The Chili Experiment is successful and, no surprise, the chili in the normal earth is growing the best.
Awesome Pork calls for Awesome Chili
I visit the 5 Star Hainanese Chicken & BBQ Pork place in Centre Point quite often. Very often. In fact, so often that when I walk in they already know what I want. And one of the things that I always want, is lots and lots of chili.
There’s something that makes their chili special. It’s not chili padi, the little buggers that burn your mouth to where you can’t taste anything anymore, and it’s not the bigger cyan peppers either.
No, it’s some interesting somewhere-in-between chili that is both potent and flavourful; delicious even.
Because on one particular day they ran out of this kind of chili and had a horrible substitute instead, I decided the next time to take the chili seeds home and try and grow my own. I can’t remember exactly when this was, but I think it was early in December.
Using Home Made Soil
I have a compost heap in my backyard, and I took the earth from beneath there to germinate the seeds. It was damp, grassy meaning lots of air, and slightly luke warm and judging by the amount of earthworms, packed with nutrients. Everything a germinating little seed could want.

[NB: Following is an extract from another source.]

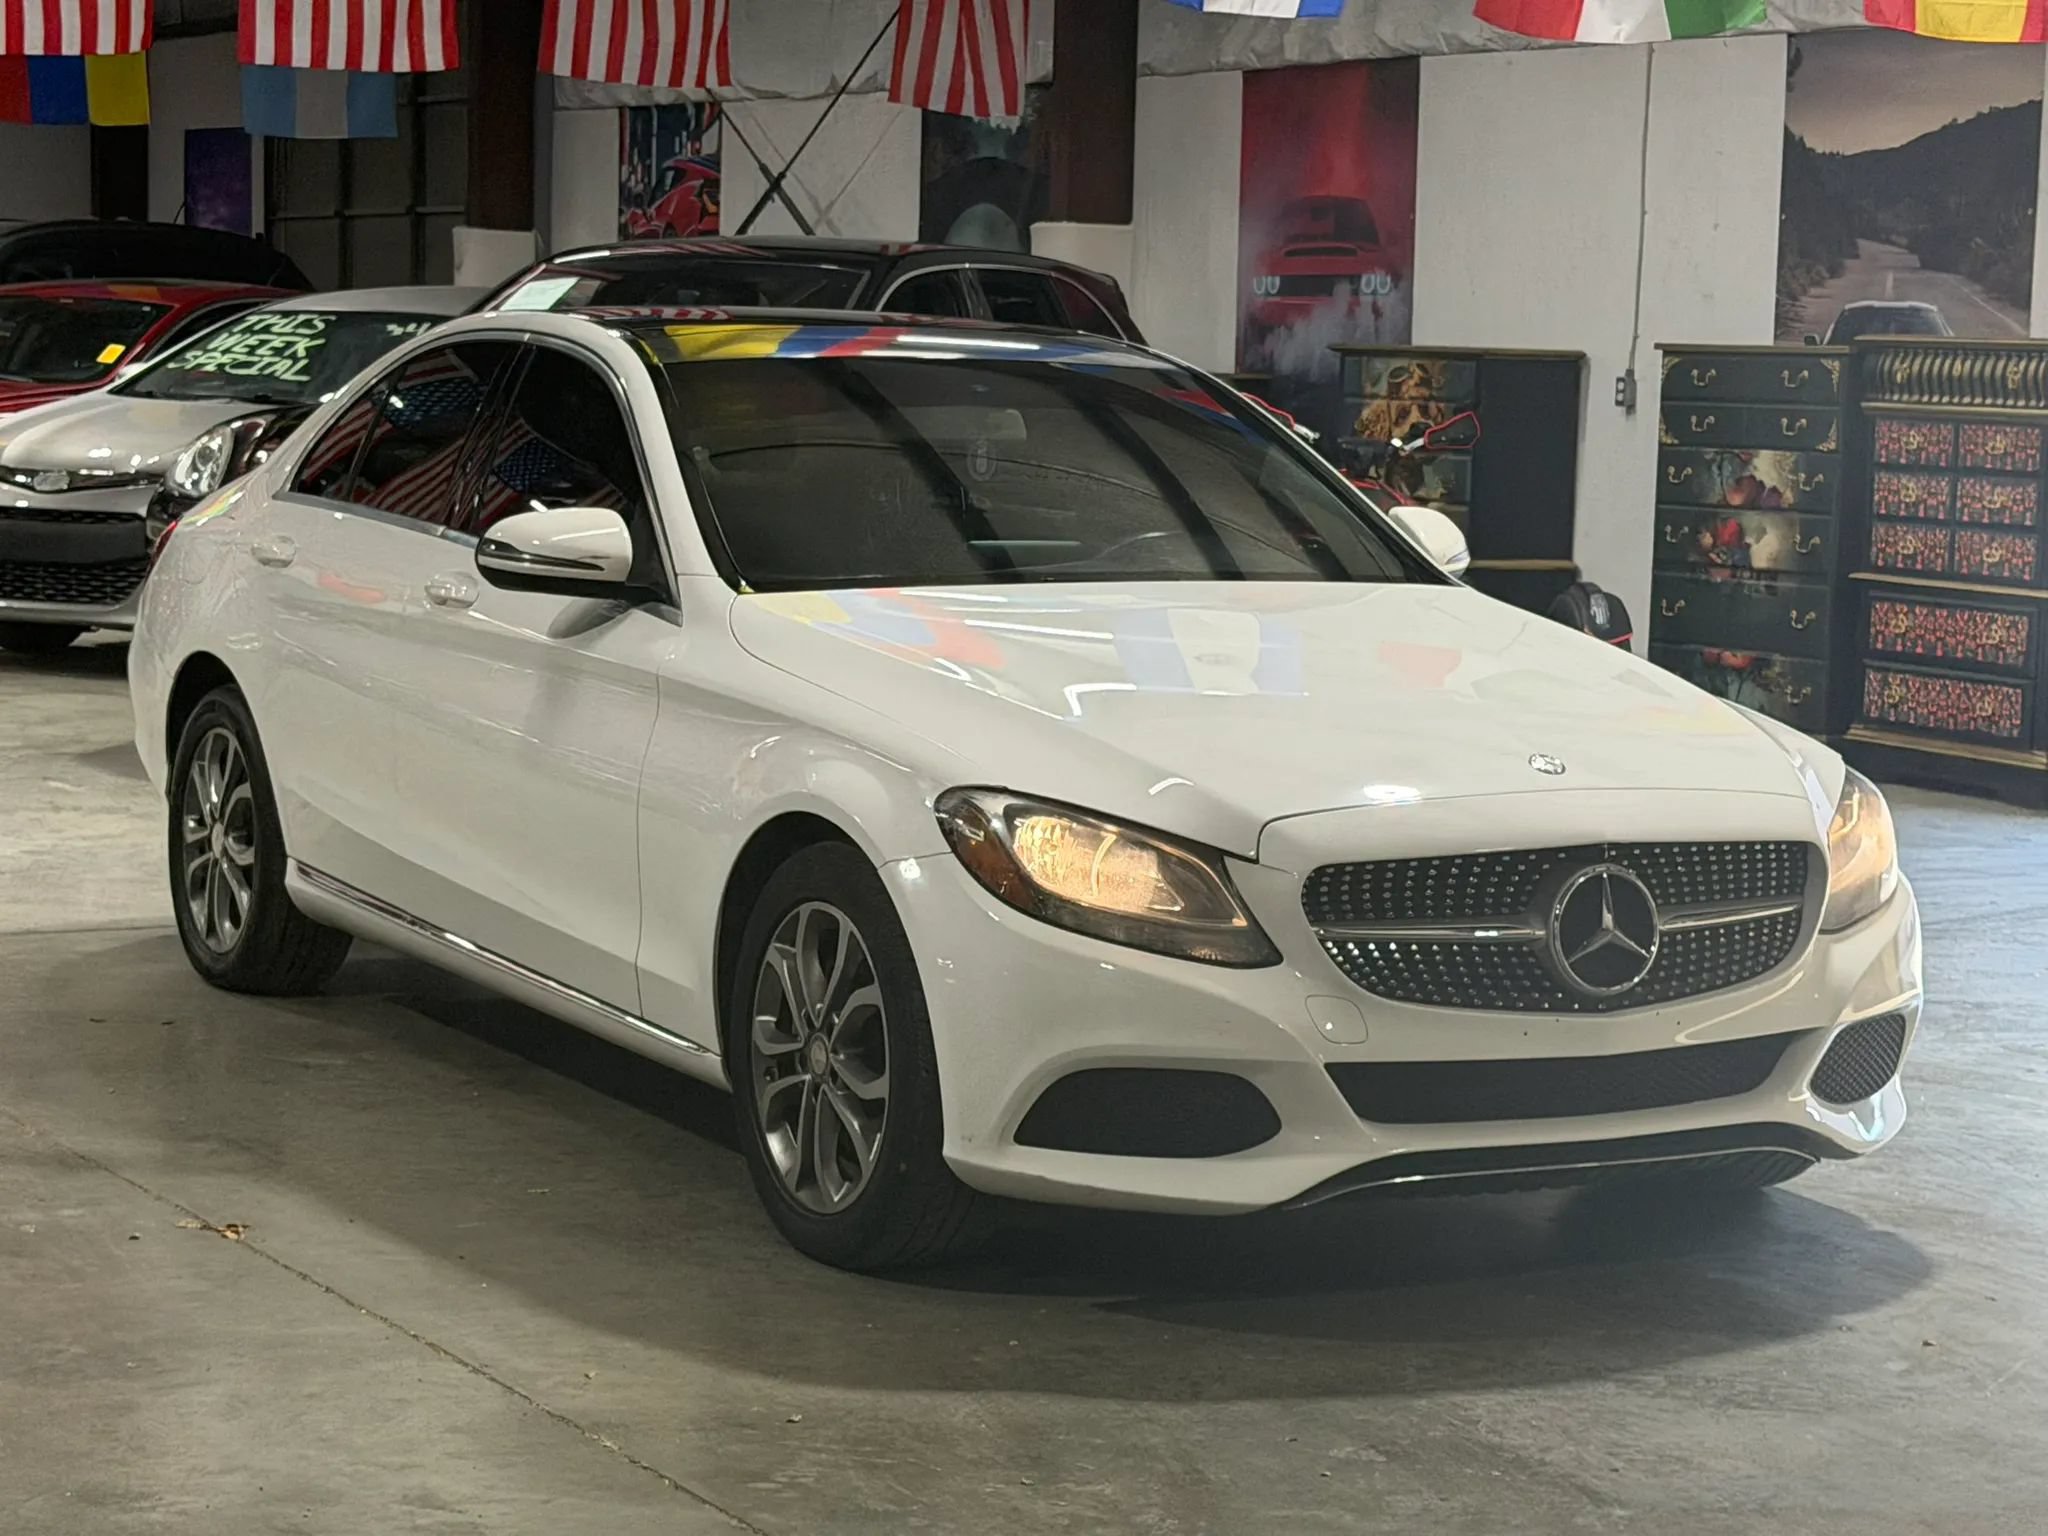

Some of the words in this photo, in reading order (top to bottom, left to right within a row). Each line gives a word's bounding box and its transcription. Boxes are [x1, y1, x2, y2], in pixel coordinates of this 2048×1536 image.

[233, 314, 336, 335] THIS
[207, 333, 325, 357] WEEK
[168, 351, 311, 381] SPECIAL

About a week or so later I had green sprouts sticking out above the surface. At first just a few, but because I chucked in a good half-a-handful of chili seeds, there were soon many, many more.

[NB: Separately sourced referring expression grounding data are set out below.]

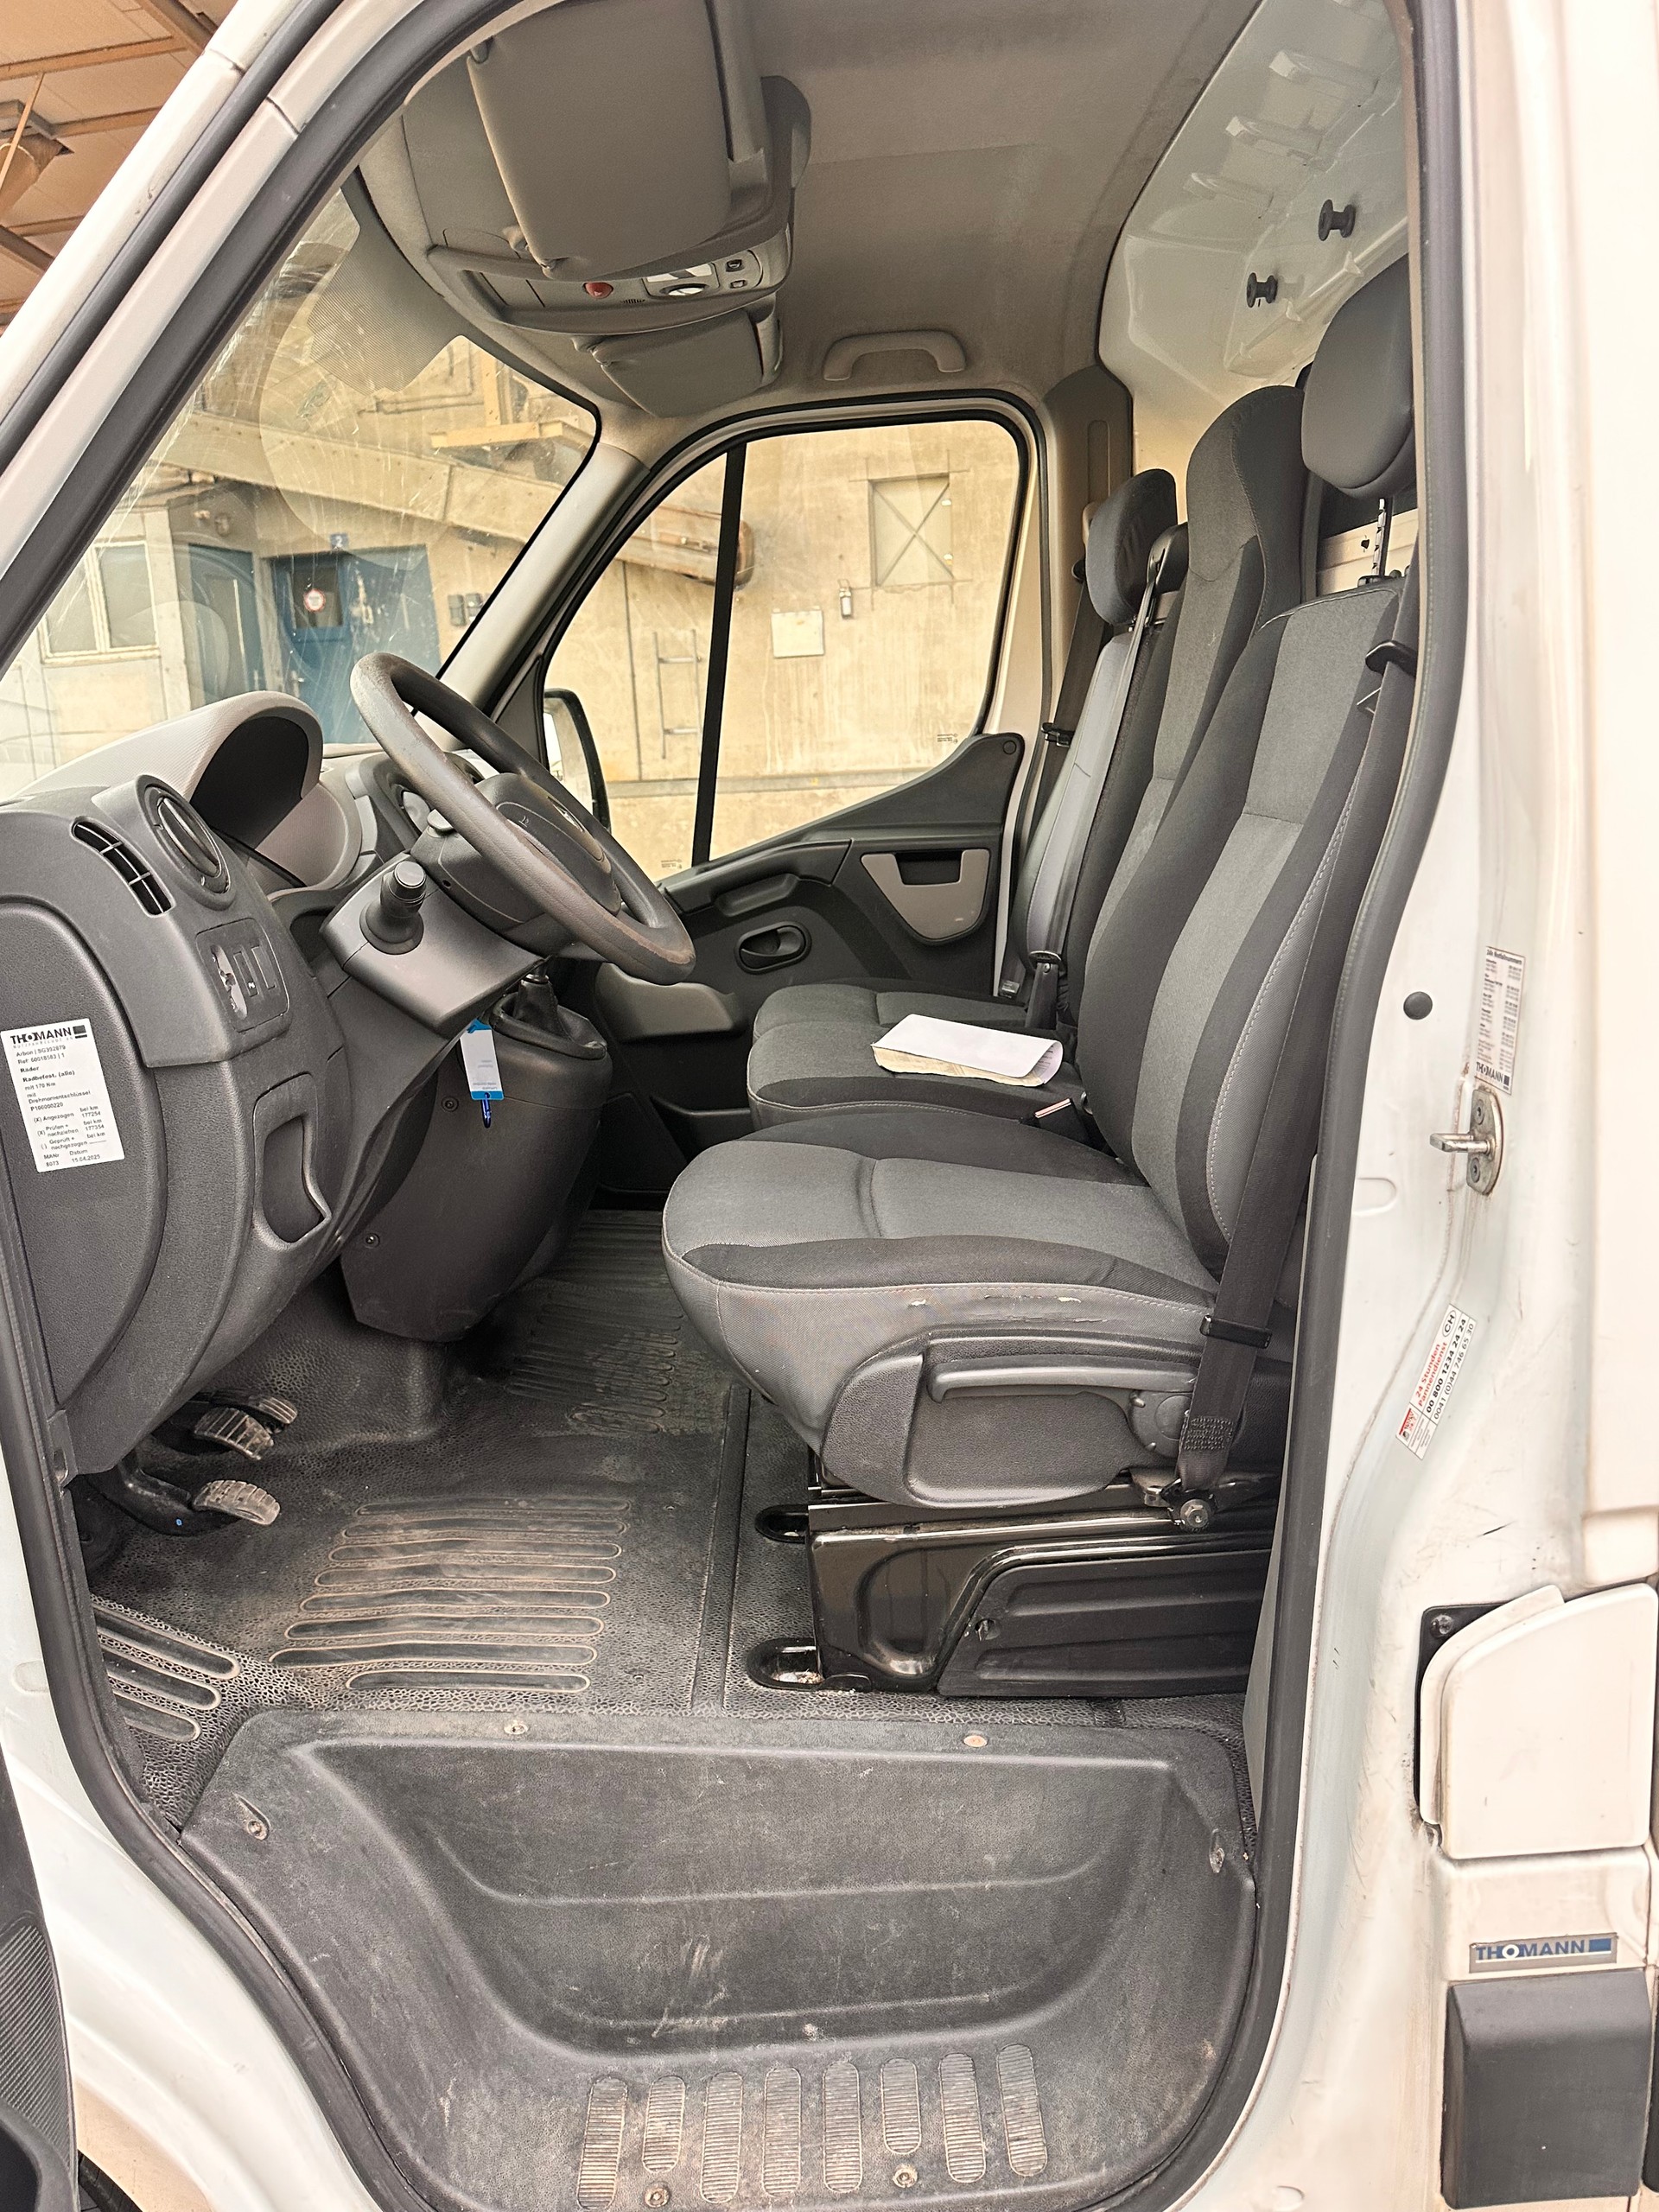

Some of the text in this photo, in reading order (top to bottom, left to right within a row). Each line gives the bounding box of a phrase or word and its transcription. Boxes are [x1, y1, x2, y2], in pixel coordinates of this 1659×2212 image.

[10, 1027, 72, 1044] THOMANN
[1444, 1314, 1455, 1333] CH
[1416, 1344, 1440, 1397] 24 Stunden
[1418, 1342, 1447, 1407] Pannendienst
[1427, 1319, 1466, 1413] 00 800 1234 24 24
[1434, 1397, 1446, 1420] 0041
[1445, 1371, 1457, 1395] (0)44
[1455, 1351, 1464, 1369] 746
[1462, 1338, 1469, 1350] 65
[1476, 1939, 1585, 1960] THOMANN

The seeds were growing in a coffee cup where the water didn’t drain, so the soil remained soaked. It stank after a while, but the chili seeds seem to love it, so I left them there, except for 5 brave explorers who were destined for something else.
It’s well known that soil makes a difference to the health and the taste of fruit, so I experimented a bit.

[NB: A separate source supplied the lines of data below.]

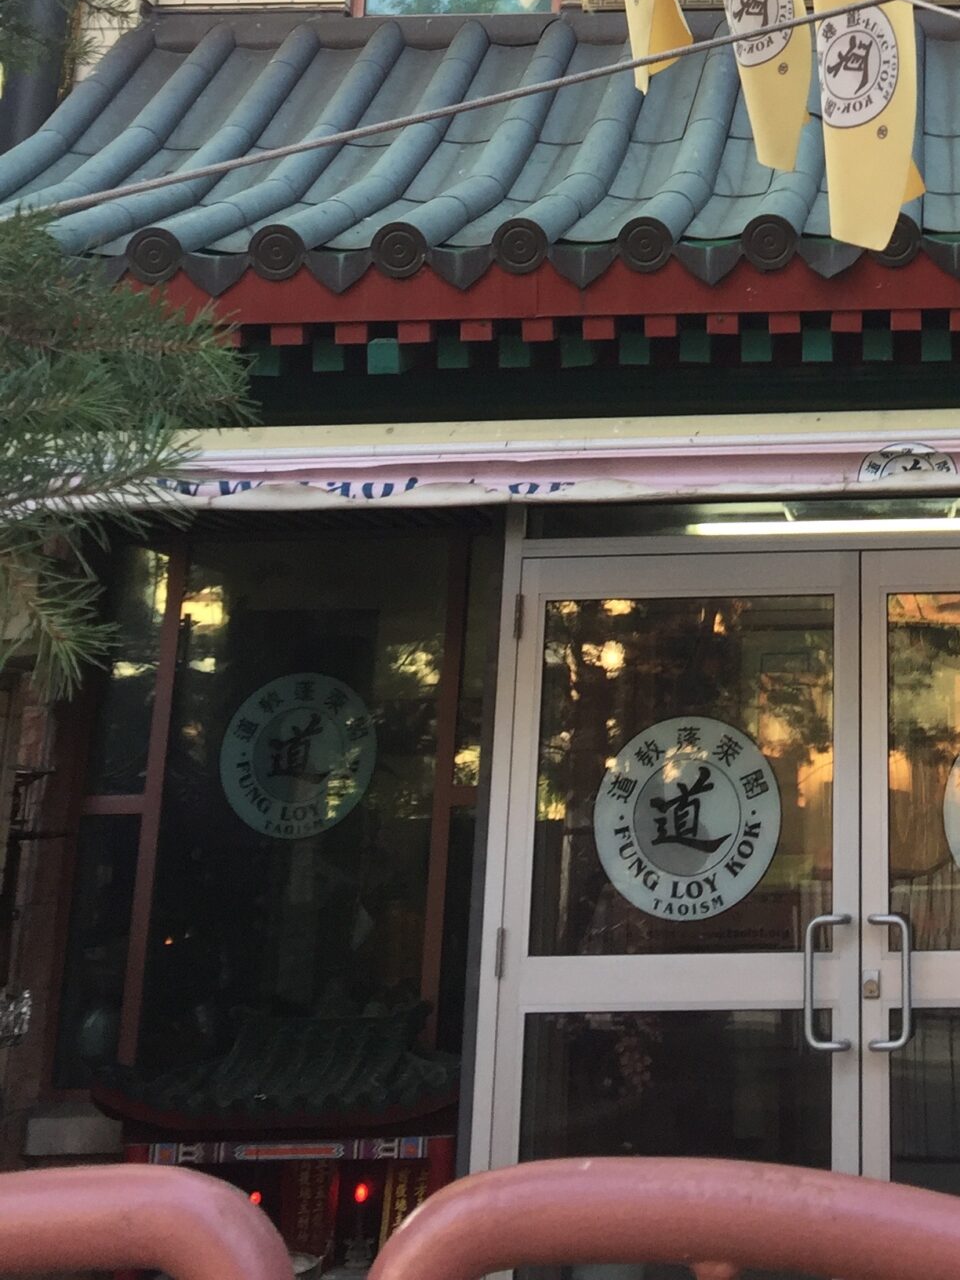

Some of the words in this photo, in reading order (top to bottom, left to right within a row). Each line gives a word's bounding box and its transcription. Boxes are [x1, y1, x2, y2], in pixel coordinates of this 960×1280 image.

[650, 766, 732, 853] 道
[614, 825, 660, 892] FUNG
[671, 873, 719, 899] LOY
[725, 820, 762, 878] KOK
[653, 895, 724, 916] TAOISM

Starbucks were giving away used coffee grinds saying your garden will love it. I had my doubts, but took a bag nevertheless.
I prepared 3 containers, all with draining holes. In the one container I used more earth from my compost heap. In the second container I used only the recycled coffee grinds, and in the third container I mixed soil and coffee grinds.
Container 1 received 1 little chili plant, and container 2 and 3 each 2 chili plants. They were all watered regularly, but were just out in the open, not in the sun.
Several Weeks Later: Coffee
The seedlings in the coffee never really grew much more; not sure if that says anything about coffee.
Whatever the nutritional value of coffee, one it’s own its a super poor substrate, as most of it eroded away through the draining holes, leaving the container nearly empty.
The plants, over a few days, withered and died. Possibly because the water didn’t hang around in the substrate, or perhaps because used espresso grindings is just too harsh on its own.
Several Weeks Later: Coffee & Soil Mix (+ beer)
The seedlings in the coffee/soil mix at first withered a bit, but then recovered.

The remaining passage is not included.